Brief - Print all the records below exactly as they stand, but leave out the pictures.

Recorded data -
....

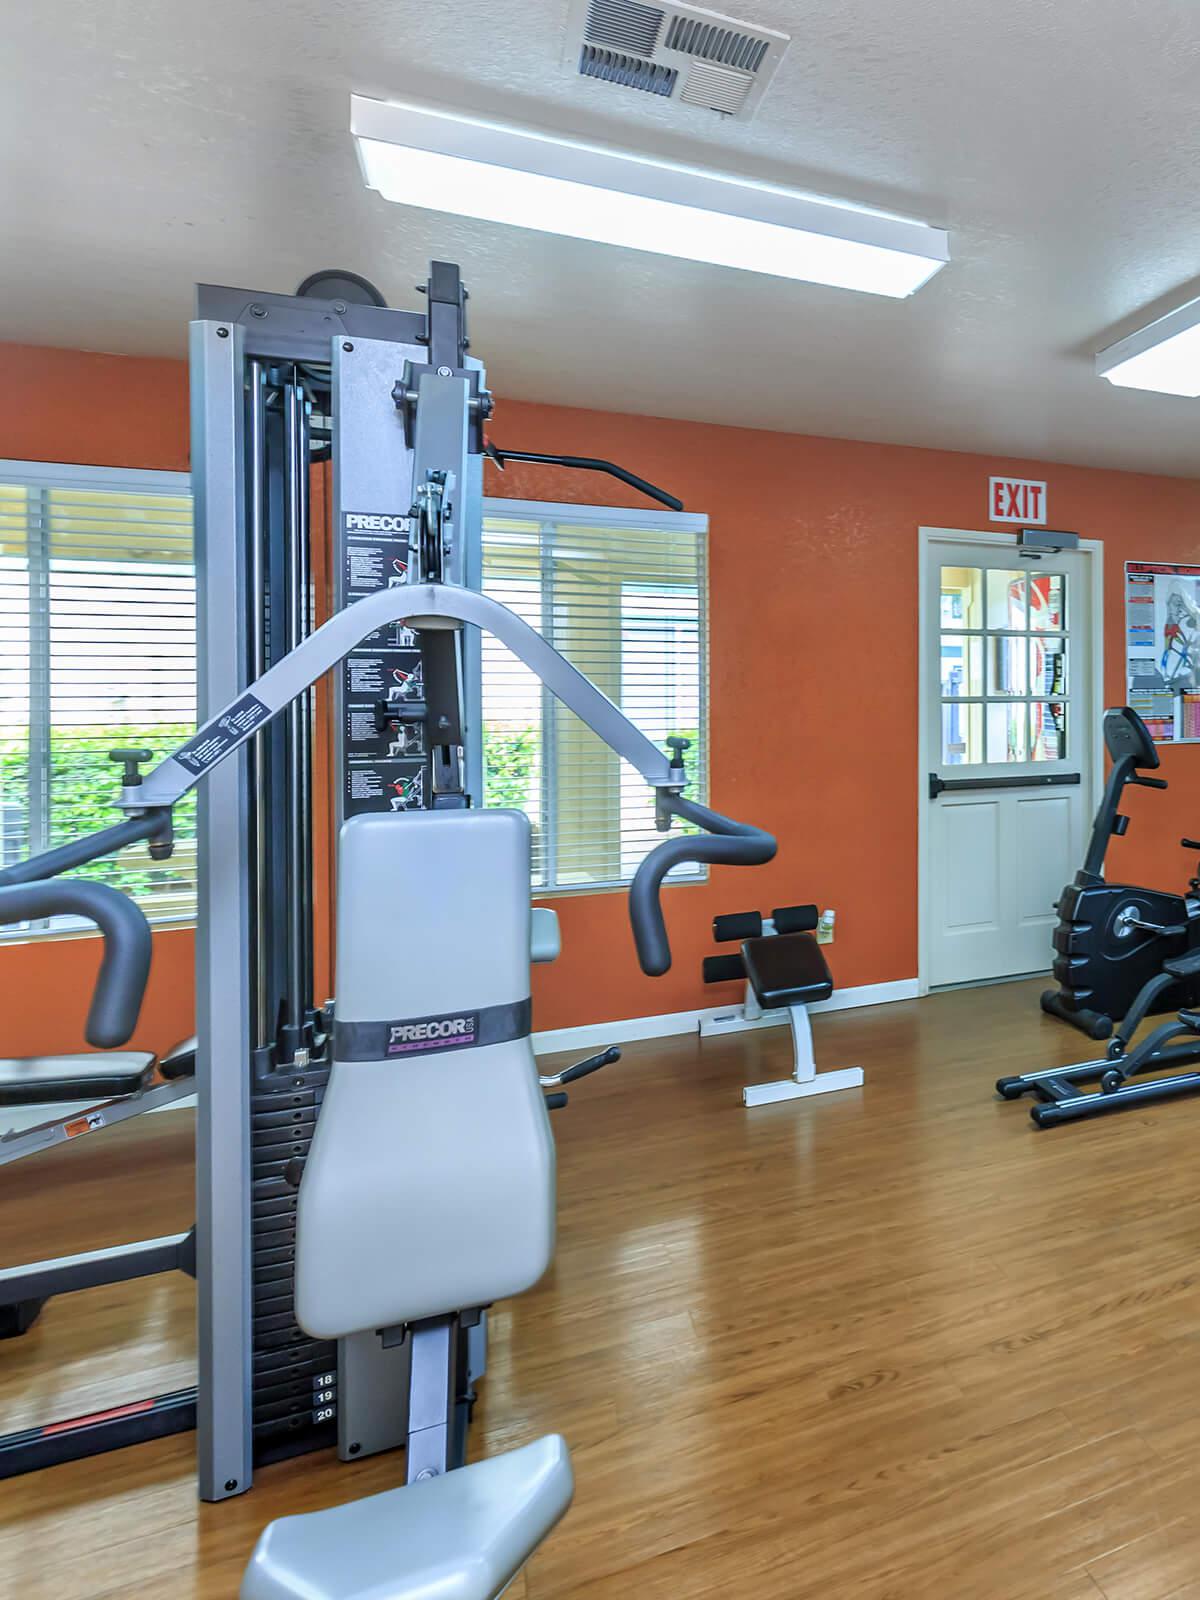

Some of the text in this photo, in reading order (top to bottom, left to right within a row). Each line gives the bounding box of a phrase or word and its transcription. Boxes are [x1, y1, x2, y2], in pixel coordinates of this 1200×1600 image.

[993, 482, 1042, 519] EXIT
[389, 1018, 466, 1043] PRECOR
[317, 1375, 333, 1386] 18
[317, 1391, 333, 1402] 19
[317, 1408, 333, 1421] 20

....

Response to this task -
Some of the text in this photo, in reading order (top to bottom, left to right within a row). Each line gives the bounding box of a phrase or word and its transcription. Boxes are [x1, y1, x2, y2], in pixel coordinates of this 1200×1600 image.

[993, 482, 1042, 519] EXIT
[389, 1018, 466, 1043] PRECOR
[317, 1375, 333, 1386] 18
[317, 1391, 333, 1402] 19
[317, 1408, 333, 1421] 20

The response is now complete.